■ EXERCISE AIM
Repeat each line of the data below exactly, but skip the pictures.

■ MATERIAL FOR THIS TASK
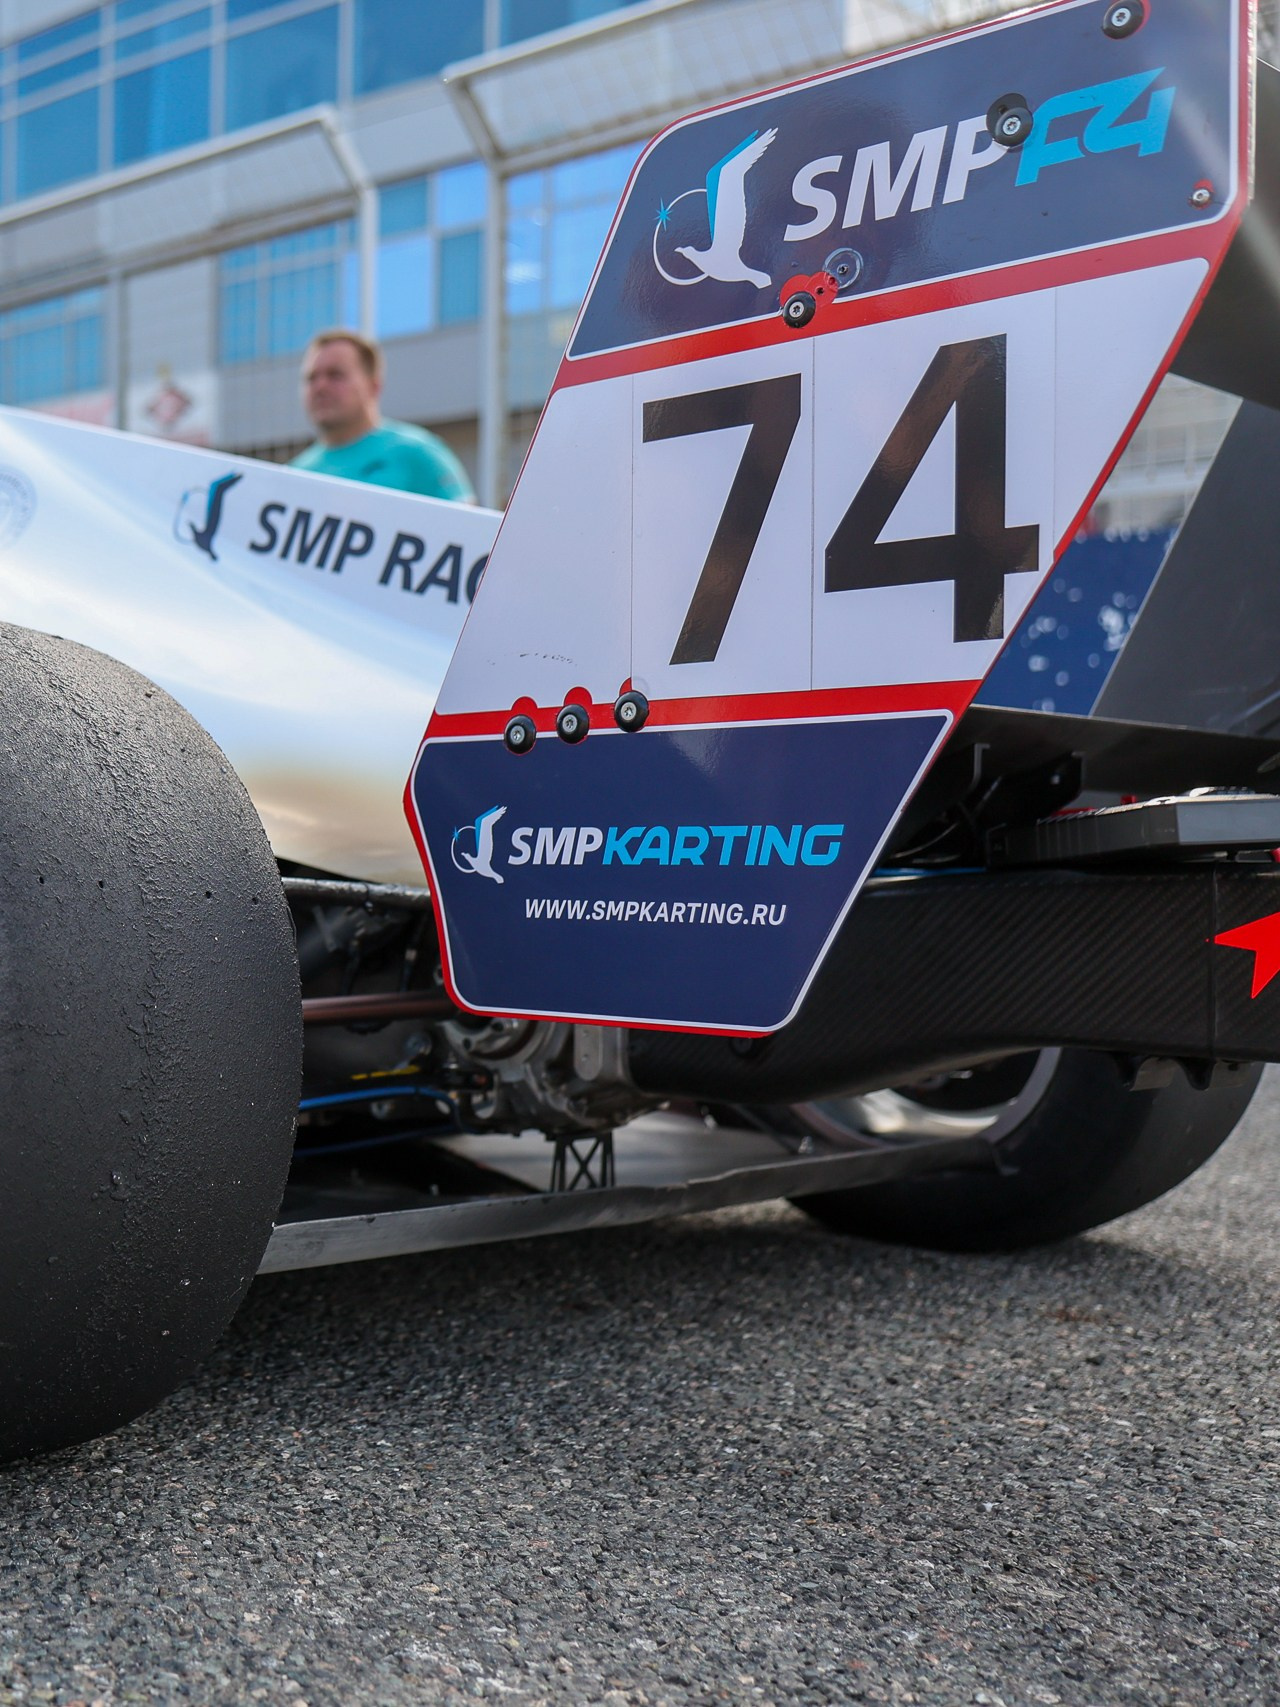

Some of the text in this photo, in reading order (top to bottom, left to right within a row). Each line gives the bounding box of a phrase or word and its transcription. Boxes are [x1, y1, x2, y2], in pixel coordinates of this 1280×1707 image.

[643, 333, 1040, 665] 74
[249, 503, 375, 575] SMP
[525, 898, 787, 926] WWW.SMPKARTING.RU
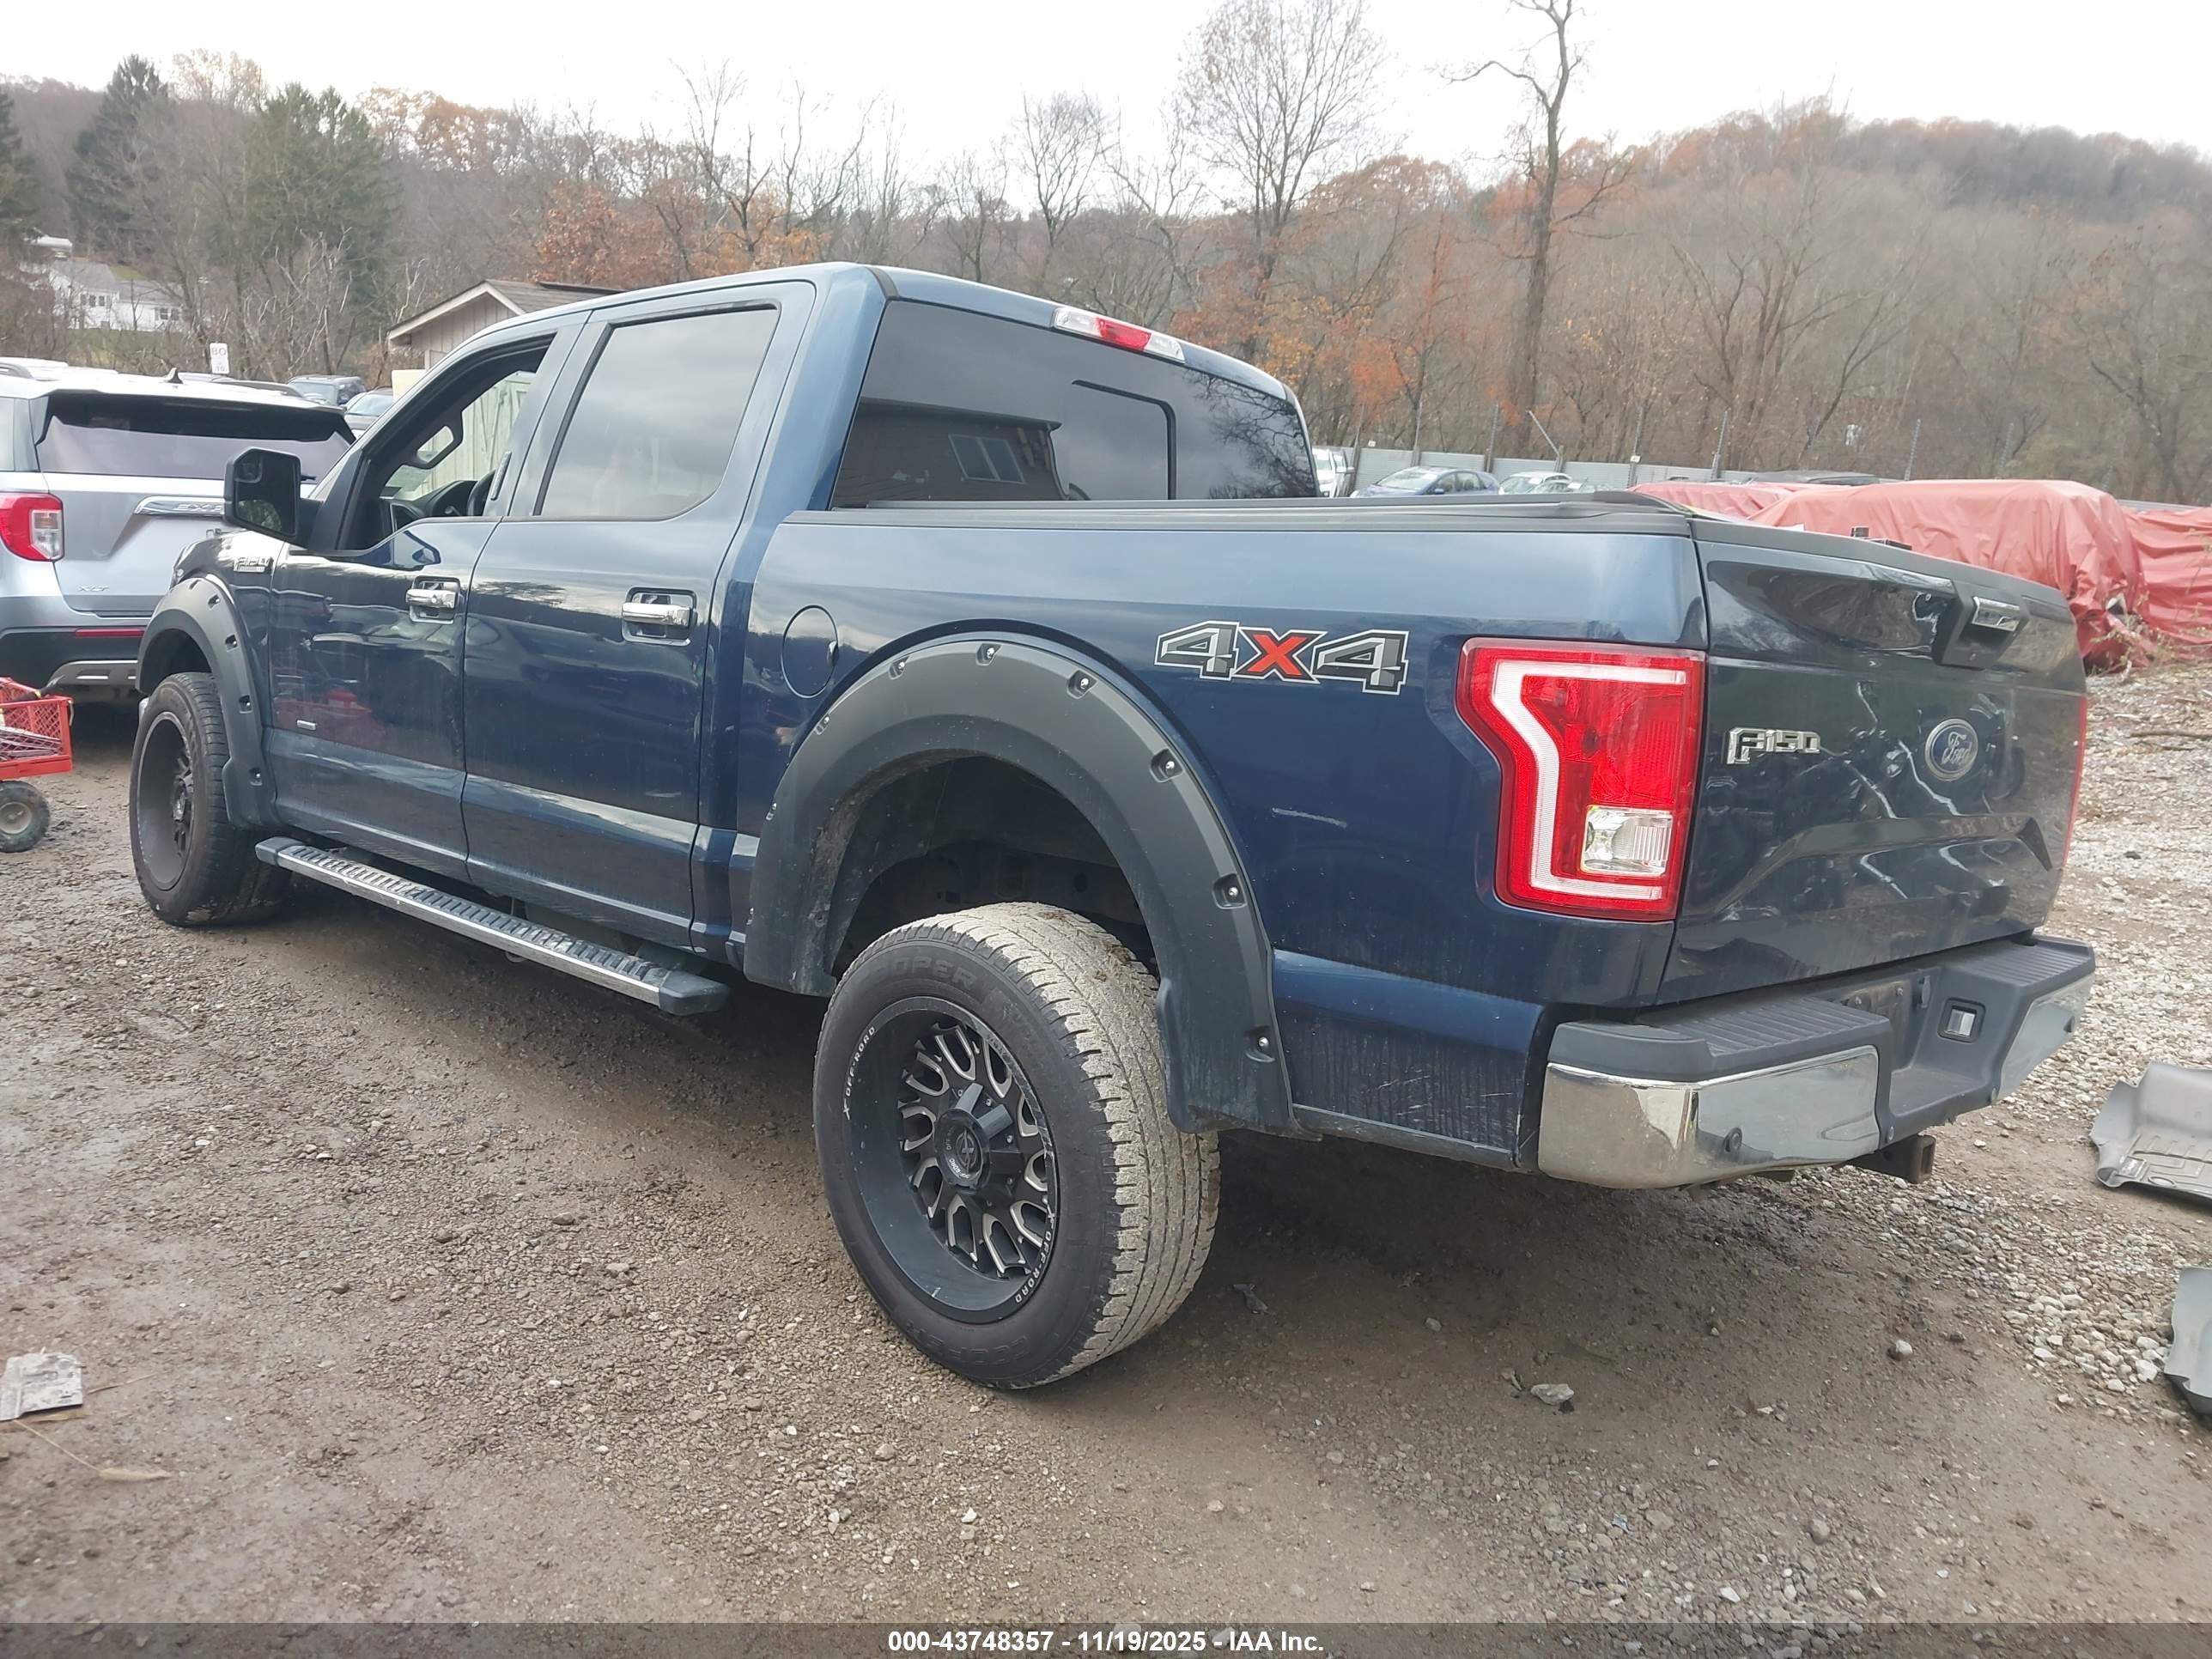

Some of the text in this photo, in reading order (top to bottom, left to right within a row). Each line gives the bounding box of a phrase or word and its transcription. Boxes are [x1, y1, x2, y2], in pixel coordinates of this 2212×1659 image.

[1154, 620, 1409, 696] 4X4
[1941, 731, 1972, 765] Ford
[844, 1026, 876, 1097] OFF-ROAD
[1014, 1231, 1052, 1304] OFF-ROAD

■ SOLUTION TO THIS EXERCISE
Some of the text in this photo, in reading order (top to bottom, left to right within a row). Each line gives the bounding box of a phrase or word and its transcription. Boxes are [x1, y1, x2, y2], in pixel coordinates of this 1280×1707 image.

[643, 333, 1040, 665] 74
[249, 503, 375, 575] SMP
[525, 898, 787, 926] WWW.SMPKARTING.RU

Some of the text in this photo, in reading order (top to bottom, left to right within a row). Each line gives the bounding box of a phrase or word and its transcription. Boxes are [x1, y1, x2, y2], in pixel coordinates of this 2212×1659 image.

[1154, 620, 1409, 696] 4X4
[1941, 731, 1972, 765] Ford
[844, 1026, 876, 1097] OFF-ROAD
[1014, 1231, 1052, 1304] OFF-ROAD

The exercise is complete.